Захватчик чужого добра, кровавый злодей, обманщик не делали своему племени ни чести, ни пользы. Уважение к чужим правам и национальным обычаям исходило прежде всего из чувства самосохранения.
Но это вовсе не означает, что русский человек легко расставался со своими землями и обычаями. Даже три века господства кочевников не научили его, к примеру, есть конину или умыкать чужих жен.
Мир для русского человека не тем хорош, что велик, а тем, что разный, есть чему подивиться.

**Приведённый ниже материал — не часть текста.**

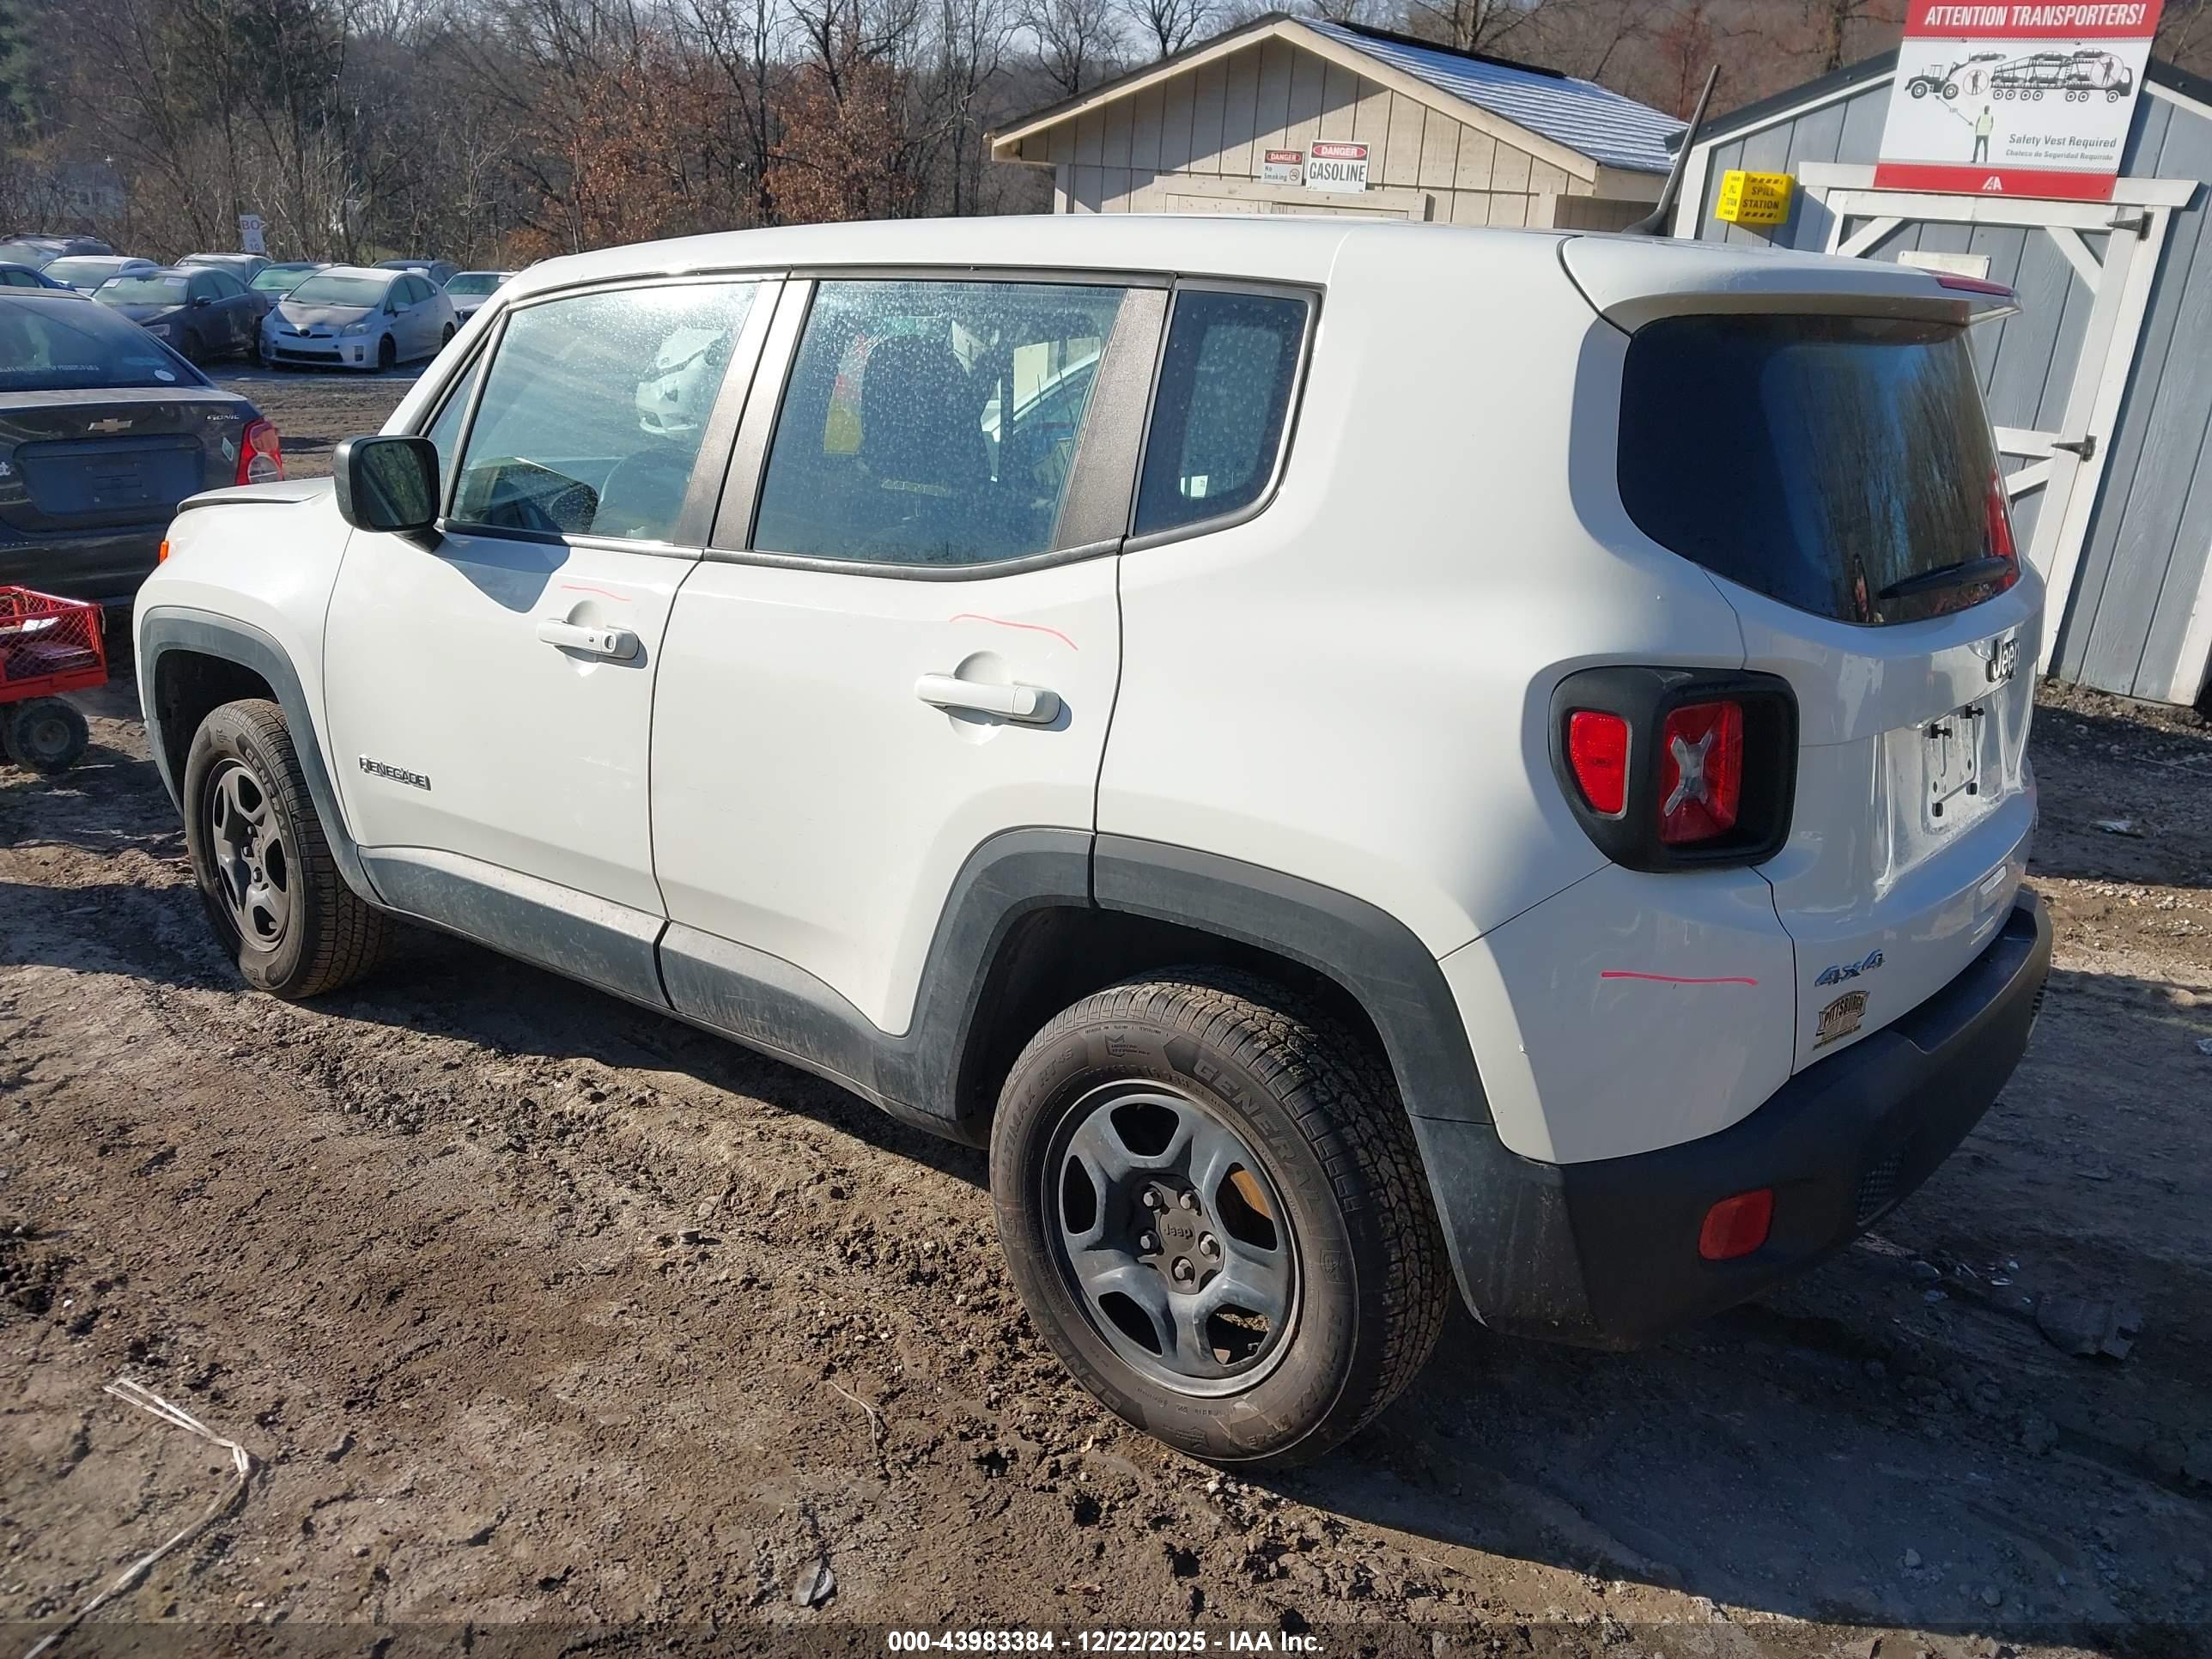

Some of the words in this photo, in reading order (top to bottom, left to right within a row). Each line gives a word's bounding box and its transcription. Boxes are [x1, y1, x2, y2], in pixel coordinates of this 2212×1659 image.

[1924, 5, 2008, 27] ATTENTION
[2012, 3, 2146, 26] TRANSPORTERS!
[2009, 134, 2041, 147] Safety
[2045, 135, 2066, 146] Vest
[2069, 136, 2117, 149] Required
[1271, 153, 1297, 161] DANGER
[1321, 146, 1358, 156] DANGER
[2006, 149, 2033, 157] Chaleco
[2044, 150, 2078, 160] Seguridad
[1264, 173, 1287, 182] Smoking
[1310, 161, 1366, 182] GASOLINE
[1751, 185, 1775, 197] SPILL
[1742, 198, 1780, 210] STATION
[358, 757, 428, 788] RENEGADE
[1814, 949, 1883, 987] 4x4
[1164, 1224, 1194, 1240] Jeep
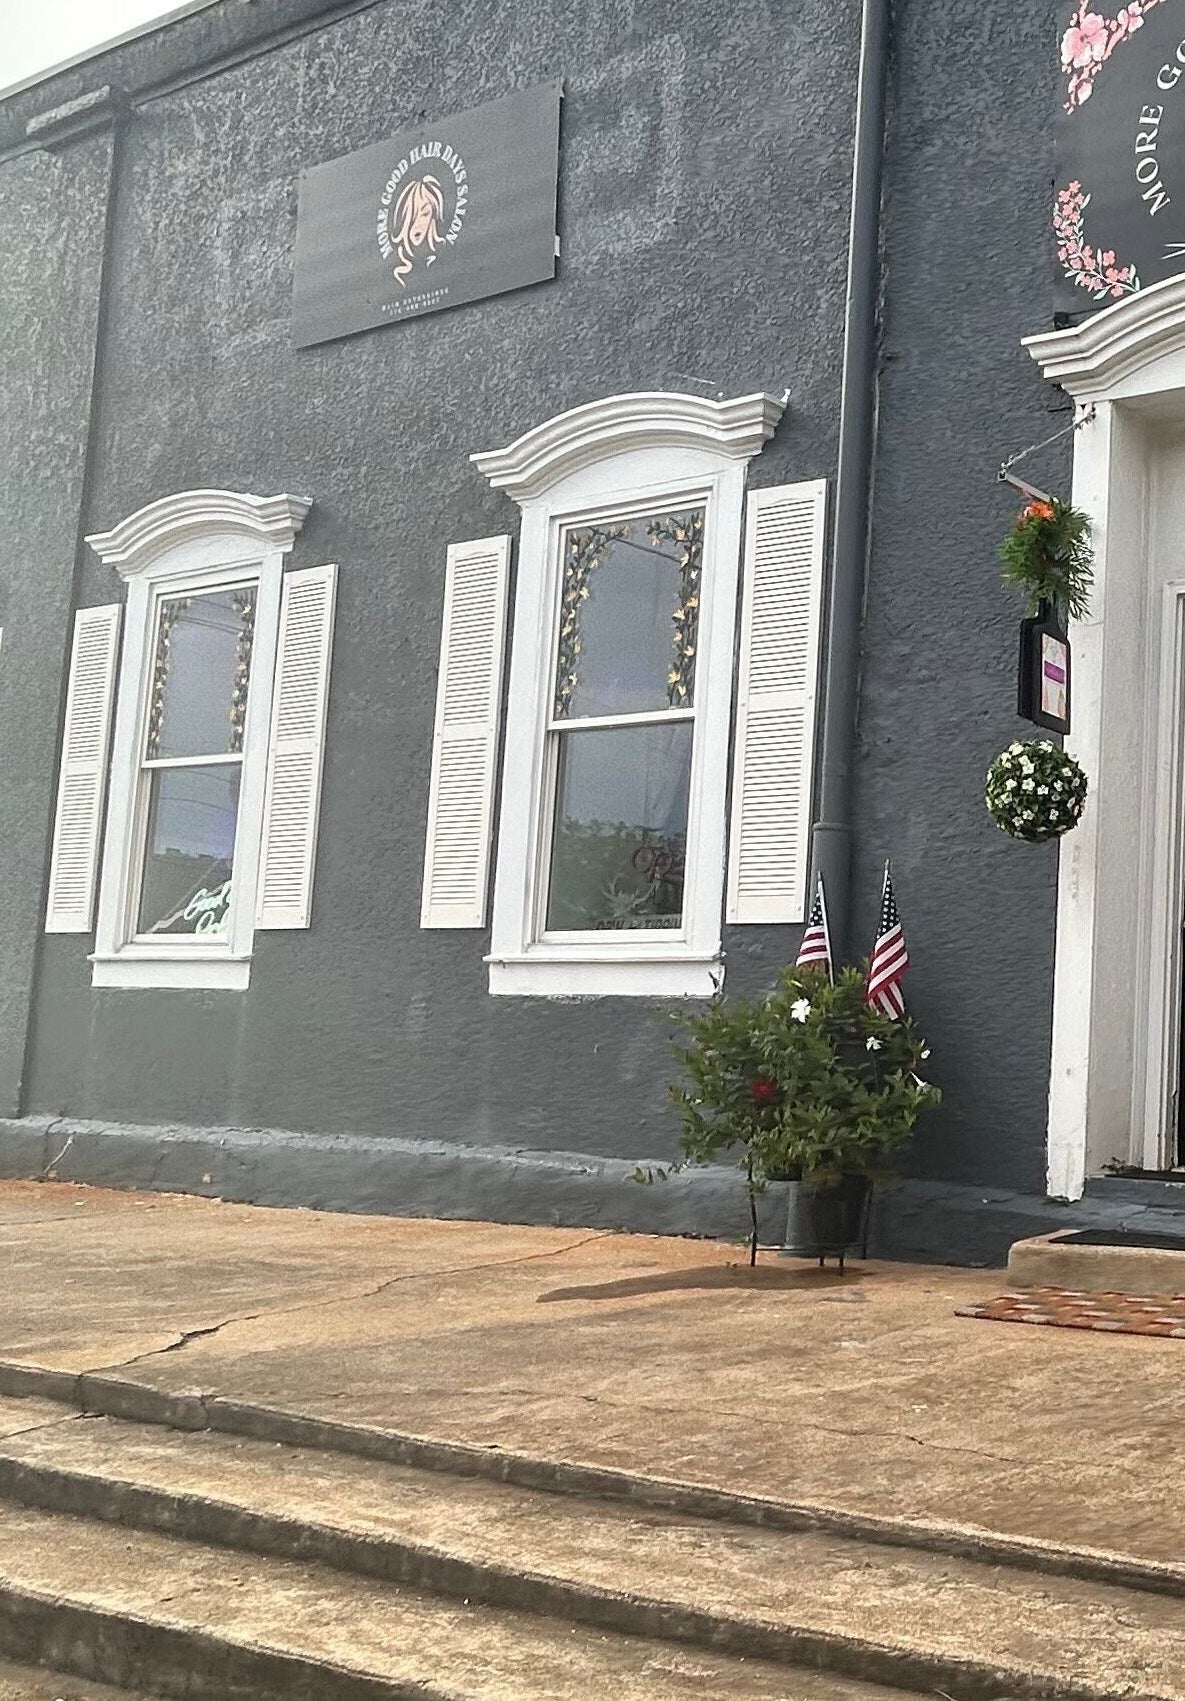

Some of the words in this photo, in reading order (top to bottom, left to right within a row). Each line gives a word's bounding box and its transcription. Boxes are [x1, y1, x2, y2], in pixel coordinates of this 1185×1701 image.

[409, 141, 443, 166] HAIR
[441, 145, 468, 185] DAYS
[1134, 104, 1173, 217] MORE
[381, 159, 409, 206] GOOD
[376, 208, 395, 259] MORE
[446, 184, 469, 246] SALON

КРАЙ. Природа выжигает в душе ничем не смываемое тавро, накладывает свой отпечаток на внешний и внутренний облик людей. Даже речевая культура,
хоть и в меньшей мере, но тоже подвержена такому влиянию. Например, для русского, живущего в южной части страны, неизвестны многие слова, связанные с лесом и снегом. Психологическое своеобразие этнической группы в значительной мере зависело от природной среды, от ландшафта, особенностей времени года и т. д. Южный человек не может жить без степных просторов, северянину безлесная ширь кажется голой и неуютной. А белые ночи на Соловках приводят в растерянность жителя даже средней России. Может быть, еще и поэтому так сильны в русском фольклоре образы чужой и родной стороны. Интересно, что в народном понимании чужая сторона (а в обратном направлении и родная) была всегда предметна и многостепенна, что ли. Когда девица выходила замуж, ей даже соседняя деревня казалась вначале чужой стороной. Еще «чужее» становилась чужая сторонушка, когда уходили в бурлаки. Солдатская «чужая сторона» была совсем уж суровой и далекой. Уходя на чужую сторону, надо скрепить сердце, иначе можно и пропасть. «В гостях как люди, а дома как хошь», — говорится в пословице. В своем краю чужая сторона еще не так и страшна. Попадая в иной край, где «поют не по-нашему птицы, цветы по-иному цветут», предыдущую, малую чужую сторону человек называет уже не чужой, а родной. Обида или насмешка, полученные на чужой стороне, не всегда забывались сразу по приезде домой. Добродушное ехидство народной молвы нередко проявлялось в таких прозвищах, как «пермяк — солены уши», «ярославский водохлеб», «вологодские телята», «чудь белоглазая».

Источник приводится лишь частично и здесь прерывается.